ASSIGNMENT >>
Once the line containing "this 1781×1334 image." is found, please set it down along with each following line, exactly, to the end of the material.

DATASET EXCERPTS >>
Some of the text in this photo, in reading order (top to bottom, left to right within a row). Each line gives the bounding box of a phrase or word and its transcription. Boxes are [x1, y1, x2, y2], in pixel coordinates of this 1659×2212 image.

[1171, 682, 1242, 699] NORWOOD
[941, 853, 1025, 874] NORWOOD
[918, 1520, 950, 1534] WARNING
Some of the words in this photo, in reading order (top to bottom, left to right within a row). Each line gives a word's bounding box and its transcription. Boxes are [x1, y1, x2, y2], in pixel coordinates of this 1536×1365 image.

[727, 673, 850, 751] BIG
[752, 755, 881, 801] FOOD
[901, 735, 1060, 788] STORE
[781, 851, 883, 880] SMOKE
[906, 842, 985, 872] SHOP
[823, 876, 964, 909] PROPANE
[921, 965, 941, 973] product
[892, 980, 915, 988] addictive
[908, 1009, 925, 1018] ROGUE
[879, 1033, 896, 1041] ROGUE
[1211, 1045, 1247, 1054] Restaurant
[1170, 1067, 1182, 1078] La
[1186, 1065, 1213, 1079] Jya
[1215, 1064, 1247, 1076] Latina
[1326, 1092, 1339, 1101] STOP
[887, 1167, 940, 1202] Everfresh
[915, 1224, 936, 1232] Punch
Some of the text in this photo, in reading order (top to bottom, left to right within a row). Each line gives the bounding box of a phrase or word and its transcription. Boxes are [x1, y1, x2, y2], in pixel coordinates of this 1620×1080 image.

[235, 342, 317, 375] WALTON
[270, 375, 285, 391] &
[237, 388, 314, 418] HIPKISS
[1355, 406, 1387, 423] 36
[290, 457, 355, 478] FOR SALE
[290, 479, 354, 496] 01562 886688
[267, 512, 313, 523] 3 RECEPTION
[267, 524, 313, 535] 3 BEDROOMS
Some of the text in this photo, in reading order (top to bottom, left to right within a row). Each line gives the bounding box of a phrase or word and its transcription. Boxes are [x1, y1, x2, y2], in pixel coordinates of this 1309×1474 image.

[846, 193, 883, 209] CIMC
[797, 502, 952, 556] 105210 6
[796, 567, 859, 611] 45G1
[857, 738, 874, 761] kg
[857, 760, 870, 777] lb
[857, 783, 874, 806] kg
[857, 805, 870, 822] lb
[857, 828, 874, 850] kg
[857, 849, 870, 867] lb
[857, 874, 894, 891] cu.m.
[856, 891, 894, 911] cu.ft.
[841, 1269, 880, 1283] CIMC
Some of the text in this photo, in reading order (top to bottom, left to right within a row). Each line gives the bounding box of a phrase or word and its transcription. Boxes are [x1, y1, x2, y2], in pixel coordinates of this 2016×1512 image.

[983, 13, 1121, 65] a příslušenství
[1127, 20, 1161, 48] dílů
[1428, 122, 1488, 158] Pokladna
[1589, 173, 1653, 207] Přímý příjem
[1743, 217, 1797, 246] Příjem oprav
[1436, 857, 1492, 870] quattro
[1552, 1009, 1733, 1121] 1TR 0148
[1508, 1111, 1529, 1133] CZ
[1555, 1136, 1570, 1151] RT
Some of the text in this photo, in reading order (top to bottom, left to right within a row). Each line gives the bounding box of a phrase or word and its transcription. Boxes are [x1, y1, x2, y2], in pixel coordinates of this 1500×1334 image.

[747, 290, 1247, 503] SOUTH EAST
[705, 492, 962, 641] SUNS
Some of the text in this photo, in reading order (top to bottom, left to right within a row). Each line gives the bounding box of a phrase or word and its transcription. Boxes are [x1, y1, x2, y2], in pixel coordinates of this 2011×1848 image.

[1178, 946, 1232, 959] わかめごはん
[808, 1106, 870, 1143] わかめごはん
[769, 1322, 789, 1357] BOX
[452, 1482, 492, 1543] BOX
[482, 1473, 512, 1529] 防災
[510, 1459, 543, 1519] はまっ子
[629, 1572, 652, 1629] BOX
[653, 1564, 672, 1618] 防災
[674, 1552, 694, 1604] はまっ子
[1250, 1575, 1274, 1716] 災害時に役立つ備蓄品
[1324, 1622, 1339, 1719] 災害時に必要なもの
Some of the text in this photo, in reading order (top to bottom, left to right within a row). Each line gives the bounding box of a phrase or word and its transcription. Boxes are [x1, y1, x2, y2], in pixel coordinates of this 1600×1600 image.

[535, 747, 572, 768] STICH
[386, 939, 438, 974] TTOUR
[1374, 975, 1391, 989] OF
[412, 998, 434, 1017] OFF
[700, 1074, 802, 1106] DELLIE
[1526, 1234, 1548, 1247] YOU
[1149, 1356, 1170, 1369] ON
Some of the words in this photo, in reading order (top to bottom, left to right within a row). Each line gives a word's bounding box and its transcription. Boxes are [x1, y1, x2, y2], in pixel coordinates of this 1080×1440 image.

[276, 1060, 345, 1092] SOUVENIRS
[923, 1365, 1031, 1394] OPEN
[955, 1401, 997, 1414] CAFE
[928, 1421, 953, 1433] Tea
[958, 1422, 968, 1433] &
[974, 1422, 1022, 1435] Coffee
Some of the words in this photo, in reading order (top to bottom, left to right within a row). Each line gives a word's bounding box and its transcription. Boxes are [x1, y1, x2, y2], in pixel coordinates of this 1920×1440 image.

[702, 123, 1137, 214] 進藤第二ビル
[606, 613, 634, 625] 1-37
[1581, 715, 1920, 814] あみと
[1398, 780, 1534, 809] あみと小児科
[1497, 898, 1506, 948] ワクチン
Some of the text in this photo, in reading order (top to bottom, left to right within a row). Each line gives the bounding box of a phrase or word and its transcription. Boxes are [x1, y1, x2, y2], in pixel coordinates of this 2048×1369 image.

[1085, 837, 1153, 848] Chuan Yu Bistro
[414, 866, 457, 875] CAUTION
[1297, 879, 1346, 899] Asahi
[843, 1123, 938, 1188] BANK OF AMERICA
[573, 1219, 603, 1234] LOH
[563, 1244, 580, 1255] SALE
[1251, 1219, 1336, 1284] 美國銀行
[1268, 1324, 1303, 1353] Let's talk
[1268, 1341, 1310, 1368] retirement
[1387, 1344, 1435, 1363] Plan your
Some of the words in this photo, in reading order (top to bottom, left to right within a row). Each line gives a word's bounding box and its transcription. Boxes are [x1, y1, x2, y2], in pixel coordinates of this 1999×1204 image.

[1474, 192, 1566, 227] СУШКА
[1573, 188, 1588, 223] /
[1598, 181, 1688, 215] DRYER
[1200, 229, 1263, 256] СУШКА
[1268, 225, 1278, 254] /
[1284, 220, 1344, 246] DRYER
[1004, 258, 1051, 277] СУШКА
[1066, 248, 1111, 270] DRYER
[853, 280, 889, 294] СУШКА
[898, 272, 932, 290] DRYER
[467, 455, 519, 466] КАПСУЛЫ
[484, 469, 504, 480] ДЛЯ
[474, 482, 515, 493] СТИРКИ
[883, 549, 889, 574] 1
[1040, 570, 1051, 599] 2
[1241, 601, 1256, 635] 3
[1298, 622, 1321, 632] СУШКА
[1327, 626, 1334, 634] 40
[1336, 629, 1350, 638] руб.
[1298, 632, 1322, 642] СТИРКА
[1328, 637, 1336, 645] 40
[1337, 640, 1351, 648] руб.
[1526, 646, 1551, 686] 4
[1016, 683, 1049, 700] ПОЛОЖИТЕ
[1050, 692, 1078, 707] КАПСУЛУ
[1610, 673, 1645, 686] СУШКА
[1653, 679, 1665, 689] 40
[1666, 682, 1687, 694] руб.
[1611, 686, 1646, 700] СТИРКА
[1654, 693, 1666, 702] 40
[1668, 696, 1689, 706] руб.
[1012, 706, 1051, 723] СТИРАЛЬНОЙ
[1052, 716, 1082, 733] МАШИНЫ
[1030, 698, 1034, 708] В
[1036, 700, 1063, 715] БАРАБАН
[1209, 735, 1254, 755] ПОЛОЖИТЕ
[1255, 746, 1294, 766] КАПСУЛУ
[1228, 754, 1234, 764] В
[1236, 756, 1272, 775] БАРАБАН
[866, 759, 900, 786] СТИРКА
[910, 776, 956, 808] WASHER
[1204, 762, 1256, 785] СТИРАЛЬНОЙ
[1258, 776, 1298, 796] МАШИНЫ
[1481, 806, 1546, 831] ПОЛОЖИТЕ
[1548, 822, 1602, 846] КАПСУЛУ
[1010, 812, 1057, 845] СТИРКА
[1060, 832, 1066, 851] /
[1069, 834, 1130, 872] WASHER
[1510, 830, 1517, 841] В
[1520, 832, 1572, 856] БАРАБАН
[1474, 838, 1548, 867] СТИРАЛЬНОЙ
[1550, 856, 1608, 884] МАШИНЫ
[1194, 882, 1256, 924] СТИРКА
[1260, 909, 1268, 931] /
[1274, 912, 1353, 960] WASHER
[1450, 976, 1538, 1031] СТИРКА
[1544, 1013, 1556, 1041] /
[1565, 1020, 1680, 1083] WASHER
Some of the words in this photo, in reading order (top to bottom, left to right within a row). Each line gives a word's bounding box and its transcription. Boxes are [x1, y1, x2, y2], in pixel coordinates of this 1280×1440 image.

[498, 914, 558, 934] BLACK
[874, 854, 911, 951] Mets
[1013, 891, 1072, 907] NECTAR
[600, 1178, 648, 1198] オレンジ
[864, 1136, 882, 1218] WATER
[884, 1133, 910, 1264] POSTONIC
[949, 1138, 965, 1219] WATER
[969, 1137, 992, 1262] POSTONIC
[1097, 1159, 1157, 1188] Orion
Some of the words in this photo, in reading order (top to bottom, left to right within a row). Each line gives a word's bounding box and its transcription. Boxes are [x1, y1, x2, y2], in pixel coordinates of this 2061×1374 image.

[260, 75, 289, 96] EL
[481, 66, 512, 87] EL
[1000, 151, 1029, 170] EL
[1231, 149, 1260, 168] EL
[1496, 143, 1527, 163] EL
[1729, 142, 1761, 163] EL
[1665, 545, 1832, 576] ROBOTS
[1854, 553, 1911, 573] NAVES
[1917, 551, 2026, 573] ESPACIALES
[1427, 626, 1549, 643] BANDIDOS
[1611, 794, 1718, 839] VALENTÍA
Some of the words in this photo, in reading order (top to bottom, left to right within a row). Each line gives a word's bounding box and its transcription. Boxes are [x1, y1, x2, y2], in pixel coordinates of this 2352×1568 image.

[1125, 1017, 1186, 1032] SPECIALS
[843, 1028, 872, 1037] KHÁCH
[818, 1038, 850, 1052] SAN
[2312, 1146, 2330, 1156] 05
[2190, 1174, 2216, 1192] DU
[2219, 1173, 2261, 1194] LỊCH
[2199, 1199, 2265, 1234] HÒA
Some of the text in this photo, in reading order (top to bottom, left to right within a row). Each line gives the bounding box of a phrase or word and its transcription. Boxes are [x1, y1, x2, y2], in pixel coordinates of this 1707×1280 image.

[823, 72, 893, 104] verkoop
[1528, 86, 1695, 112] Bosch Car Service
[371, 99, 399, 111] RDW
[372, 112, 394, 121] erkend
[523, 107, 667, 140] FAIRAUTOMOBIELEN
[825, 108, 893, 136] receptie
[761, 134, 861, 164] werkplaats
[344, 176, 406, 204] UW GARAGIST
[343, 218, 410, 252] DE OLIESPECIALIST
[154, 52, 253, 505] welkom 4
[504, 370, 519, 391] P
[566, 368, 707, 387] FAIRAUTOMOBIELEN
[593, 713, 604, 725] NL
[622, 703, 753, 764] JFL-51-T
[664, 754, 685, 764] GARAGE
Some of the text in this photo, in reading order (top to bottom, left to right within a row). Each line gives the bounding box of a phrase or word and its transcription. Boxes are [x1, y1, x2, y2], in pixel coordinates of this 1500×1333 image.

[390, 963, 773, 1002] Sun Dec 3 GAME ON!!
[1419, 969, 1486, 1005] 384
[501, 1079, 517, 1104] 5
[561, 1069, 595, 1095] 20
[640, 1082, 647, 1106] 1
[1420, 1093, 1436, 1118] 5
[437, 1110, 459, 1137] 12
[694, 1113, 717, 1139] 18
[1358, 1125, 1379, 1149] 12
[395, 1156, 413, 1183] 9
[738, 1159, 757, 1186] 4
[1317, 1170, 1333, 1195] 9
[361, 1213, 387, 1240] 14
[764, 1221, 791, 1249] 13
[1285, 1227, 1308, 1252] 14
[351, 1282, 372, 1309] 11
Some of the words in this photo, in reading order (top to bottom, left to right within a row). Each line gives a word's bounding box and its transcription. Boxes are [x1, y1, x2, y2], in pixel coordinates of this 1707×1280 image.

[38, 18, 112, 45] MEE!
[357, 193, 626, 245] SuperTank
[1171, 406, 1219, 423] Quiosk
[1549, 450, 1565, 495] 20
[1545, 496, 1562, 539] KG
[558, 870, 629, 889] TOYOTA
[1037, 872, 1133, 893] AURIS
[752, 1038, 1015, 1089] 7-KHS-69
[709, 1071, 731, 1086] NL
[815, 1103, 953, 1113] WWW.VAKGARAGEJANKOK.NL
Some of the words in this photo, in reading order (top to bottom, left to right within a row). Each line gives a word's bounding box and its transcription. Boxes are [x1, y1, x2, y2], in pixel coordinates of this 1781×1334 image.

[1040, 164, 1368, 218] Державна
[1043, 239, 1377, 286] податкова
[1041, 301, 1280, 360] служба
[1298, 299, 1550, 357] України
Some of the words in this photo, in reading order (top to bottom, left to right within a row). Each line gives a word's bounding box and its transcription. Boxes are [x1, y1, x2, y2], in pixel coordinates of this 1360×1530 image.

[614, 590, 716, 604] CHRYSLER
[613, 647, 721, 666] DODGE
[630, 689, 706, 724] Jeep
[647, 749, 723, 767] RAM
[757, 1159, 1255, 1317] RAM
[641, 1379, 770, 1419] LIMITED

EXERCISE RESULT >>
Some of the words in this photo, in reading order (top to bottom, left to right within a row). Each line gives a word's bounding box and its transcription. Boxes are [x1, y1, x2, y2], in pixel coordinates of this 1781×1334 image.

[1040, 164, 1368, 218] Державна
[1043, 239, 1377, 286] податкова
[1041, 301, 1280, 360] служба
[1298, 299, 1550, 357] України
Some of the words in this photo, in reading order (top to bottom, left to right within a row). Each line gives a word's bounding box and its transcription. Boxes are [x1, y1, x2, y2], in pixel coordinates of this 1360×1530 image.

[614, 590, 716, 604] CHRYSLER
[613, 647, 721, 666] DODGE
[630, 689, 706, 724] Jeep
[647, 749, 723, 767] RAM
[757, 1159, 1255, 1317] RAM
[641, 1379, 770, 1419] LIMITED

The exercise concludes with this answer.